CATANIA - La Job Creation, con una campagna di affissioni, chiede giustizia e il rispetto della sentenza del Cga in merito alla negoziazione che aveva avviato il Comune con alcune imprese riguardo una sorta di sanatoria degli impianti pubblicitari abusivi.

Maurizio Giuffrida - uno dei titolari dell’azienda – sta conducendo una dura battaglia con il suo socio Angelo Caruso, del Tavolo per le Imprese, per vedere riconosciuto un mercato libero chiedendo un riordino radicale del settore.

- Da cosa parte la vostra campagna avviata quest’oggi?

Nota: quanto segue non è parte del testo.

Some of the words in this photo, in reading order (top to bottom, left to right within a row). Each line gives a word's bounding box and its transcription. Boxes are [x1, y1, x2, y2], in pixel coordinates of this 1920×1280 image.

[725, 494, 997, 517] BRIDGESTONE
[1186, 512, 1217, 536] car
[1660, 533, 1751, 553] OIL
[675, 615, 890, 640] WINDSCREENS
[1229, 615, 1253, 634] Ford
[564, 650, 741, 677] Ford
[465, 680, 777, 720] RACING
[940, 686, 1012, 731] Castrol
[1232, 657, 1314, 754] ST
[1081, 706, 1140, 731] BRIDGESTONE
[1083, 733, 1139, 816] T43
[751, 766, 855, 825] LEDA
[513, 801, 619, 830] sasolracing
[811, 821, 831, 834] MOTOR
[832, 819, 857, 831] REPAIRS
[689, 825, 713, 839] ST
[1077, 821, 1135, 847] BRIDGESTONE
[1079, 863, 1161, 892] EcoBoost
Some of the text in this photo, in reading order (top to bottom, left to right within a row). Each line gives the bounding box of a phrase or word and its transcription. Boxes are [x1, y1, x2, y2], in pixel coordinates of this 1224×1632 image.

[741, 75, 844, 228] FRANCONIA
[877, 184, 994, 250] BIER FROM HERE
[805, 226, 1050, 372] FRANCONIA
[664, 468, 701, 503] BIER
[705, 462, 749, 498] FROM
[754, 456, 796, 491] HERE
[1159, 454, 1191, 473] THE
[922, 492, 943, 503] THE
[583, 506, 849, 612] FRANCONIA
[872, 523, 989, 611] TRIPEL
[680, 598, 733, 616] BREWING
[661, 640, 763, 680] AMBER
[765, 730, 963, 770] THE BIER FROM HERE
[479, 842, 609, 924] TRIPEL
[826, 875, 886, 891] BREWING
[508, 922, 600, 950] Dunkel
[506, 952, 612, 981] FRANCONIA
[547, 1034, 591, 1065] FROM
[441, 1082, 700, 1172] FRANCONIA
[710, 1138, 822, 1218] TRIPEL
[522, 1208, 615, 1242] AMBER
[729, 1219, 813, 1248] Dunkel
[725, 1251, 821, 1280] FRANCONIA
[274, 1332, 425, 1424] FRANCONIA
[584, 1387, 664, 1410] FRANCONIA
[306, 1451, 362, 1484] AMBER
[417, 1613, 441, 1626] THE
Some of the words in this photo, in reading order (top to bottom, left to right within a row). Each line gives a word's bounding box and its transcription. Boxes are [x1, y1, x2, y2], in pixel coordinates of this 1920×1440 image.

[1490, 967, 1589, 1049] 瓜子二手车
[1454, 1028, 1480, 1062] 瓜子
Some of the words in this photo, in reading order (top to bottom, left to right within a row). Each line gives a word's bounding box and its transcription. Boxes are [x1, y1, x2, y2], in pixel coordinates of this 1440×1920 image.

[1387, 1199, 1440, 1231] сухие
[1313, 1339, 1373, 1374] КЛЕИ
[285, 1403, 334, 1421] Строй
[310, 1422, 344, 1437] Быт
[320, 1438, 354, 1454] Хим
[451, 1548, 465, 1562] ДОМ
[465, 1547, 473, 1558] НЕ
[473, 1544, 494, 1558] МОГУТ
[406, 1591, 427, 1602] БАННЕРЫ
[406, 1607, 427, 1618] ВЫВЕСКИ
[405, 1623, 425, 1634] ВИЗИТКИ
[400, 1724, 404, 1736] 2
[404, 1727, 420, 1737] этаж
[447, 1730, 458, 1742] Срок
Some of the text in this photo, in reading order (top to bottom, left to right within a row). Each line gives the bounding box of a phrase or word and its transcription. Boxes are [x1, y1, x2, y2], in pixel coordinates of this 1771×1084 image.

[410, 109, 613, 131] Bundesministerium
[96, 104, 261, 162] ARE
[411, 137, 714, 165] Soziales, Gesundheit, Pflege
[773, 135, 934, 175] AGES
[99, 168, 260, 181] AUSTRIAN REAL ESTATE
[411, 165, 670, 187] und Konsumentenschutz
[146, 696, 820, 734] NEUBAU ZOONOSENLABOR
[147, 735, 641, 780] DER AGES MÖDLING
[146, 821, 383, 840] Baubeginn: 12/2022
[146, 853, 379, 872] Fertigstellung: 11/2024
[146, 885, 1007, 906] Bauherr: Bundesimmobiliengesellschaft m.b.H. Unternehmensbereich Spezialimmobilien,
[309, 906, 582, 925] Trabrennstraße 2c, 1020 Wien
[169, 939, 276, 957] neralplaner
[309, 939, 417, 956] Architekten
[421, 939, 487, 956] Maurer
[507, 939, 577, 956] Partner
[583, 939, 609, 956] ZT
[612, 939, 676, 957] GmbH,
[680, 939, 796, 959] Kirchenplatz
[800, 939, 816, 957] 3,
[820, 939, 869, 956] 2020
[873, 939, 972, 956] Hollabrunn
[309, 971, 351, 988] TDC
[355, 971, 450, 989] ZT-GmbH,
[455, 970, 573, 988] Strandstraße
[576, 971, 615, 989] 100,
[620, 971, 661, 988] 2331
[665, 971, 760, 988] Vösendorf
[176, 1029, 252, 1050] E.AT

“Parte dal fatto che ci sono 176 impianti pubblicitari ripristinati da una sentenza che, di fatto, li aveva considerati abusivi. Il tutto fatto dopo una nota del Comune che permette il loro riutilizzo”.

- Una nota che – come avete denunciato – sembrerebbe scavalcare la sentenza del Cga…

“Sì perché quando abbiamo chiesto spiegazioni ci è stato detto che questi impianti in questione non rientravano tra quelli considerati dalla sentenza. Ma il Cga, invece, ha annullato tutti i provvedimenti precedenti e le negoziazioni. Serve un nuovo piano per l’impiantistica e un nuovo regolamento per la pubblicità e non si può aspettare oltre”.

- Avete lamentato, a causa di questa vicenda che si protrae da anni e finita anche nelle aule giudiziarie, parecchi problemi e un danno per la vostra azienda. Come uscirne?

“Noi non vogliamo favoritismi o scavalcare nessuno ma soltanto una parità di trattamento e il rispetto della legge. Quando parliamo di legalità ci riferiamo a questo. Abbiamo presentato le istanze per ottenere la disponibilità dei vari siti dove sono allocati gli impianti da anni e non abbiamo mai ricevuto risposte. Mentre chi ha avuto impianti abusivi continua a operare. Ciò ci ha causato perdite economiche con licenziamenti e difficoltà estreme”.

- Cosa chiedete adesso?

“La sentenza del Cga dice che il Comune non può prendere provvedimenti del genere scavalcando la legge. Vogliamo giustizia e una regolamentazione del settore, non si può perdere altro tempo anche perché i tempi per l’approvazione di un nuovo regolamento potrebbero essere lunghi”.

- Che mercato è quello della cartellonistica? Qualcuno l’ha definito un oligopolio…

“I numeri dicono che è un mercato molto chiuso. Ci sono anche altre aziende nel settore che vorrebbero entrare ma è molto difficile. Noi siamo una piccola realtà in un rapporto di forza di uno a dieci rispetto agli altri. Ma siamo puntuali e precisi e vorremmo soltanto lavorare come sappiamo”.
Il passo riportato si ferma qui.